Tuesday, June 24, 2008

Electronic Health Records for Non-owned clinicians - Sharing data among providers

At times, the business case for interoperability is not entirely clear. If data sharing reduces the volume of redundant lab tests, then the healthcare system as a whole wins, but someone loses revenue.

Over the past year, I've seen a remarkable change in attitude among clinicians in Massachusetts communities. They are demanding data sharing. Here's the history, the specifics of the clinician requests, and the plan for making it happen.

When we first conceived our hosted software as a service model to provide electronic health records for non-owned clinicians, we designed one way interoperability. BIDMC has an ambulatory record called webOMR which contains the problem lists, medication lists, allergy lists, notes/reports, labs, and imaging studies for 3 million patients. We worked with our community EHR vendor, eClinicalWorks, to create a seamless web service that links eClinicalWorksto webOMR such that community physicians can securely view BIDMC data from inside eClinicalWorkswithout having to login again or use a separate application. However, we did not design a link between eClinicalWorksand webOMR to enable a BIDMC hospitalist or ED physician to view individual patient identified private practice data.

We did design aggregate data sharing such that the medical director of the Physician's organization could query private practices to retrieve performance, quality and outcomes data in support of pay for performance contracts.

As we began to communicate the vision of a community EHR, our private practice clinicians starting asking three questions:
1. How does a Primary Care Provider send a clinical summary to a Specialist?
2. How does the Specialist close the loop with the Primary Care Provider by sending an electronic consult note?
3. How does a hospital-based physician such as an Emergency Department clinician, hospitalist, or anesthesiologist retrieve patient summary records from private practices?

My initial response was that private practice data sharing is such a novel idea, that it would have to wait until after our EHR rollout was complete to formulate a strategy.

Clinicians were not satisfied with that approach.
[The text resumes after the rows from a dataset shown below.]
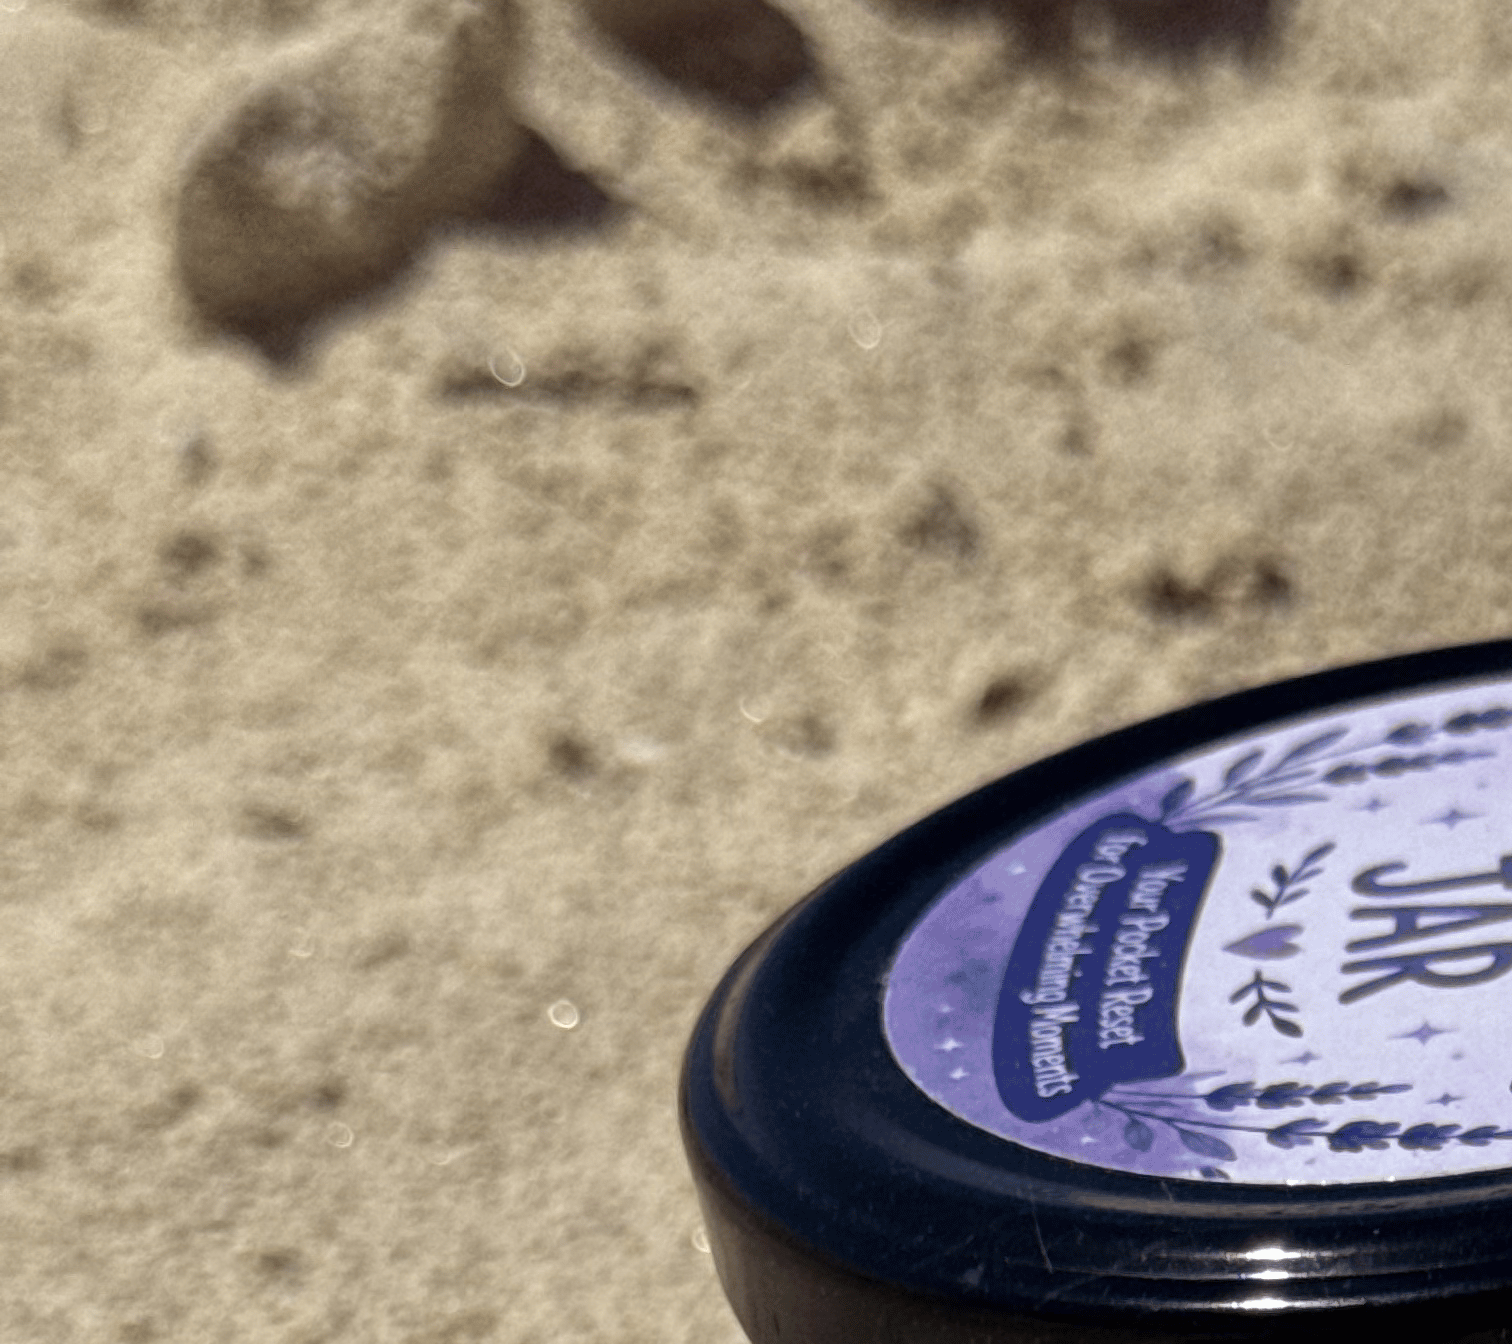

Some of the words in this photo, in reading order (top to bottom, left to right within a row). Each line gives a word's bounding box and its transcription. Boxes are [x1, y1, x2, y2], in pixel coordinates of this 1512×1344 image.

[1128, 859, 1189, 913] Your
[1018, 864, 1127, 1005] Overwhelming
[1103, 912, 1171, 986] Pocket
[1029, 1003, 1081, 1098] Moments
[1098, 986, 1154, 1049] Reset
Thus, we've decided to accelerate our work on private practice data sharing sharing by creating a clinical summary repository for all our eClinicalWorksusers using the eClinicalWorks EHX product.

Here's how it will work.
1. Whenever a patient visits one of our BIDPO community clinicians, the documentation of their visit will be done in our hosted software as a service eClinicalWorksapplication.
2. Patients will be consented by the clinician for community data sharing via opt in consent at the practice level. Consenting at one practice implies that data from that practice can be shared with other practices, but not visa versa.
3. When the encounter is complete, a summary record including problems, medications, allergies, notes, and labs will be forward to the eClinicalWorks EHX repository using the Continuity of Care Document format.
4. Other clinicians, who are credentialed members of BIDPO will be able to view summary records from this repository, assuming the patient has consented to sharing that data.
5. An audit trail of all such lookups will be available to enforce security

Such an approach solves the PCP to specialist clinical summary issue, the specialist to PCP communication issue, and the hospital-based viewing of private practice records issue. From a technology perspective, it's an elegant solution that reduces the number of interfaces. All practices send their summaries to a repository in a standard format, then all exchange is done from that repository.
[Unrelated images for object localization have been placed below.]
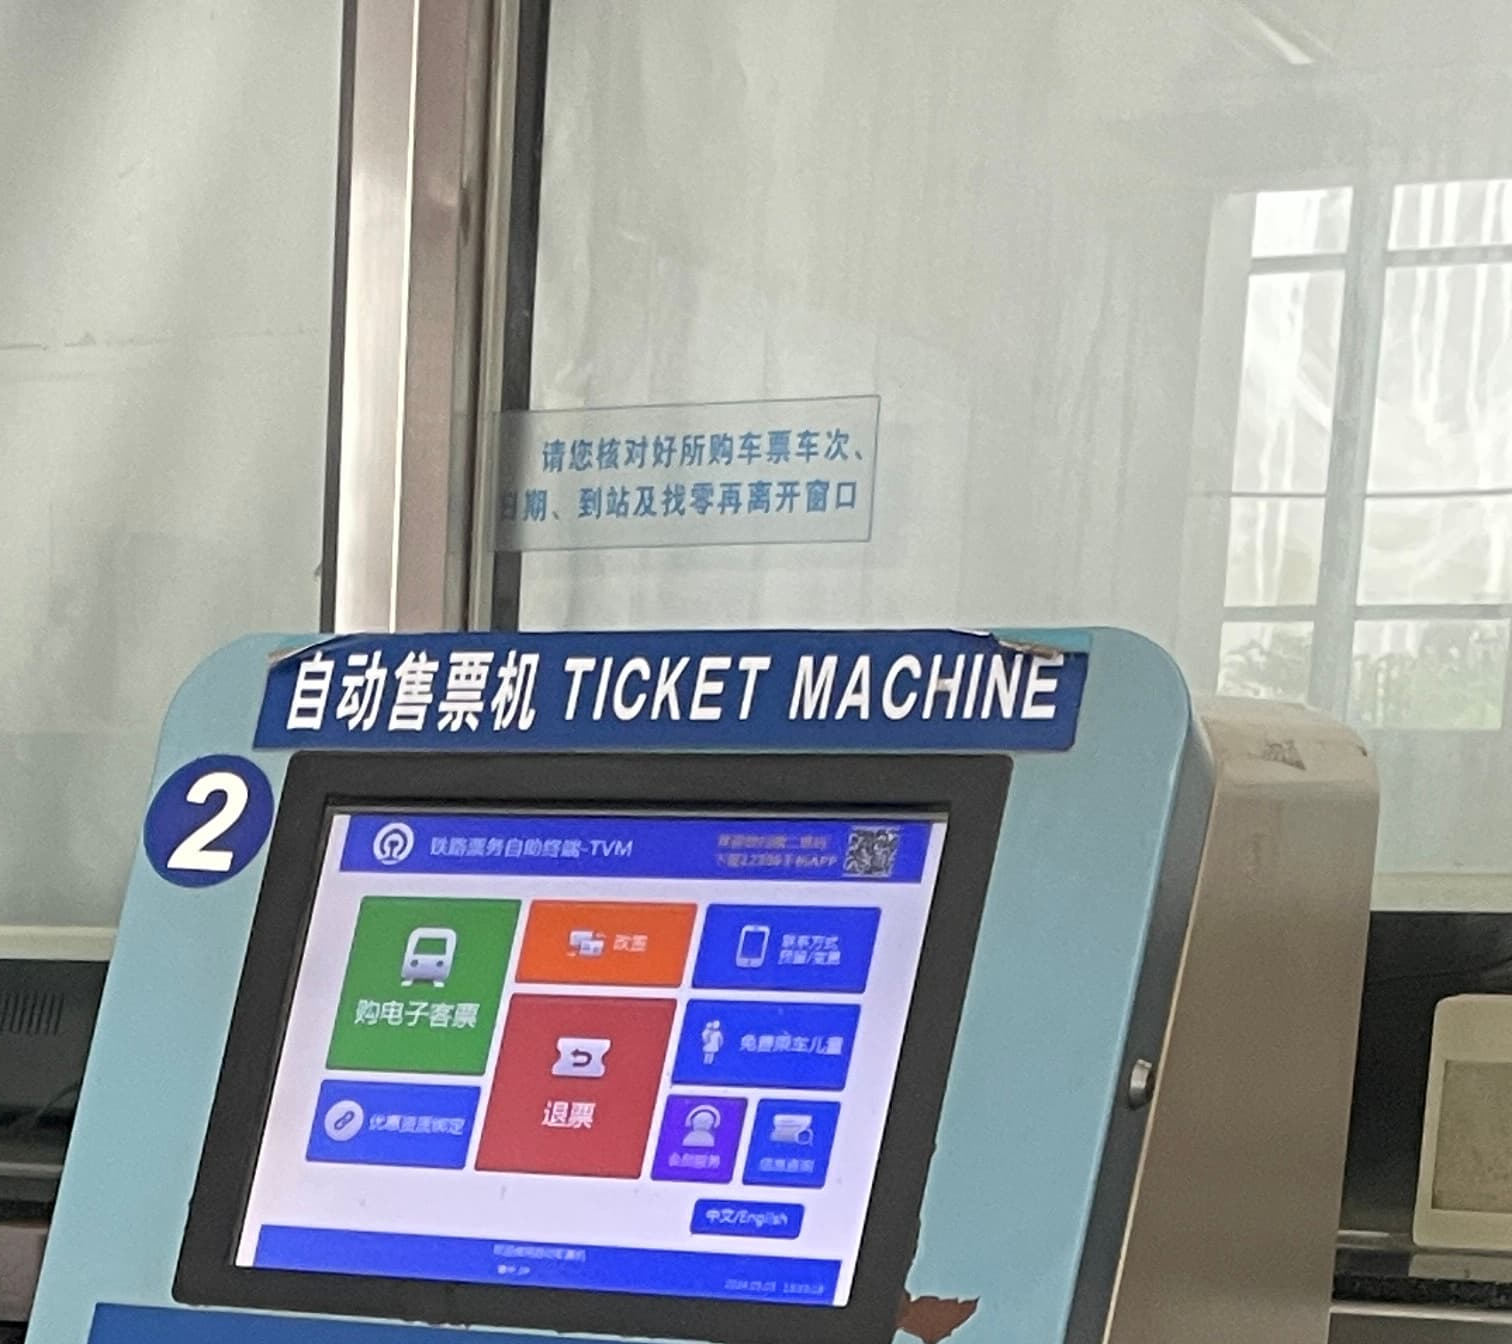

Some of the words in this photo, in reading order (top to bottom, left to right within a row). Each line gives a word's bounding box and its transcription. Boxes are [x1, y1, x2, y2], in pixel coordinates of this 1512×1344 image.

[542, 428, 863, 473] 请您核对好所购车票车次、
[287, 650, 539, 733] 自动售票机
[561, 655, 769, 722] TICKET
[788, 654, 1065, 721] MACHINE
[167, 770, 250, 872] 2
[355, 1000, 480, 1028] 购电子客票
[541, 1101, 596, 1129] 退票
A similar approach has been used in the Massachusetts eHealth Collaborative pilots in North Adams, Newburyport, and Brockton to enable secure, patient consented data sharing in those communities.

This approach needs one additional architectural element - how do you share data among EHX repositories, with non-eClinicalWorks EHRs or hospital information systems like Meditech.
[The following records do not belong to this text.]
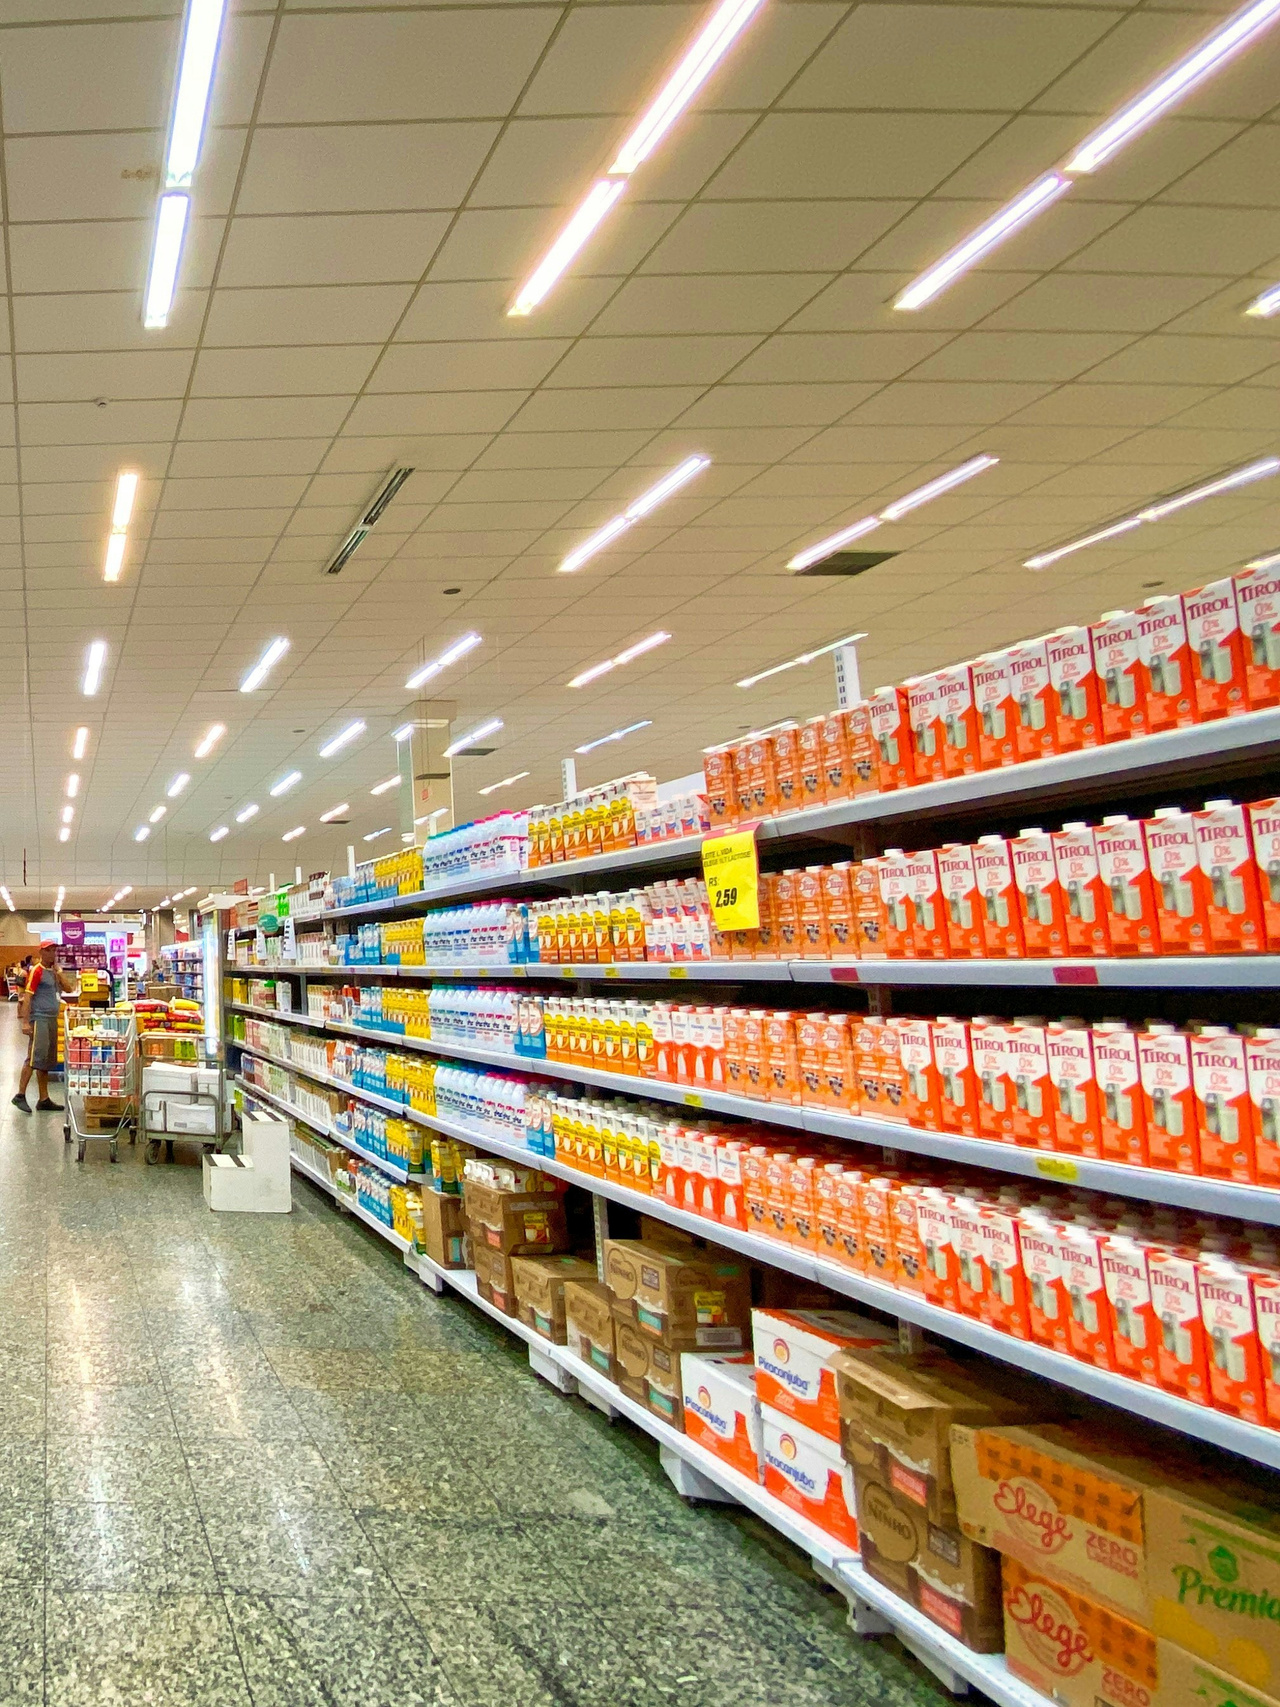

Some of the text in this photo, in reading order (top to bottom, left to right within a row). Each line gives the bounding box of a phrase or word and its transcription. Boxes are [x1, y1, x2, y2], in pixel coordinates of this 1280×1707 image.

[1187, 597, 1233, 620] TIROL
[1138, 614, 1181, 636] TIROL
[1202, 619, 1220, 632] 0%
[1094, 628, 1137, 651] TIROL
[1152, 635, 1168, 648] 0%
[1049, 644, 1088, 663] TIROL
[1010, 657, 1047, 675] TIROL
[974, 669, 1007, 687] TIROL
[937, 681, 968, 698] TIROL
[910, 691, 937, 707] TIROL
[870, 703, 897, 718] TIROL
[1148, 832, 1194, 849] TIROL
[1197, 825, 1243, 843] TIROL
[1056, 845, 1094, 859] TIROL
[1097, 839, 1141, 855] TIROL
[1213, 845, 1231, 858] 0%
[975, 856, 1008, 870] TIROL
[1014, 850, 1052, 864] TIROL
[1113, 857, 1129, 869] 0%
[1164, 851, 1181, 864] 0%
[880, 868, 906, 879] TIROL
[906, 864, 934, 877] TIROL
[940, 859, 972, 873] TIROL
[715, 887, 737, 908] 2,59
[900, 1033, 928, 1047] TIROL
[933, 1034, 965, 1050] TIROL
[973, 1037, 1005, 1053] TIROL
[1006, 1039, 1044, 1056] TIROL
[1048, 1042, 1088, 1059] TIROL
[1095, 1045, 1135, 1063] TIROL
[1141, 1049, 1186, 1066] TIROL
[1193, 1051, 1243, 1070] TIROL
[1156, 1068, 1173, 1081] 0%
[1210, 1072, 1228, 1085] 0%
[918, 1206, 949, 1225] TIROL
[950, 1215, 980, 1234] TIROL
[980, 1225, 1013, 1246] TIROL
[1021, 1236, 1058, 1257] TIROL
[1059, 1246, 1097, 1268] TIROL
[1103, 1258, 1145, 1281] TIROL
[1151, 1269, 1194, 1295] TIROL
[1201, 1283, 1248, 1309] TIROL
[758, 1355, 810, 1391] Piracanjuba
[684, 1395, 728, 1431] Piracanjuba
[1085, 1529, 1138, 1566] ZERO
MA-Share provides the grid infrastructure in Massachusetts to enable community to community data sharing. Today, MA-Share's Gateway can push Continuity of Care Document Summaries from one organization to another. Over the next two years, we'll work with eClinicalWorks to expand this capability to push clinical document summaries between instances of EHX. This means that BIDMC will be able to push a discharge summary or other clinically important information to a community repository, where with patient consent, the clinicians of a community caring for the patient will be able to view the data, ensuring continuity of care.

I expect all of this bidirectional data sharing to be a journey. We're purchasing the EHX product as part of our licensing of eClinicalWorks software and will use it initially for performance reporting. But we'll configure it so that sharing of data between clinicians and among communities will be possible. I expect all these features to be implemented by 2011.

I'm hopeful that our BIDPO clinicians will be satisfied by our strategy to embrace bidirectional data sharing in this incremental way - sharing data from BIDMC, sharing aggregate private practice data, sharing data among private practices using eClinicalWorks, then sharing data among communities and hospitals.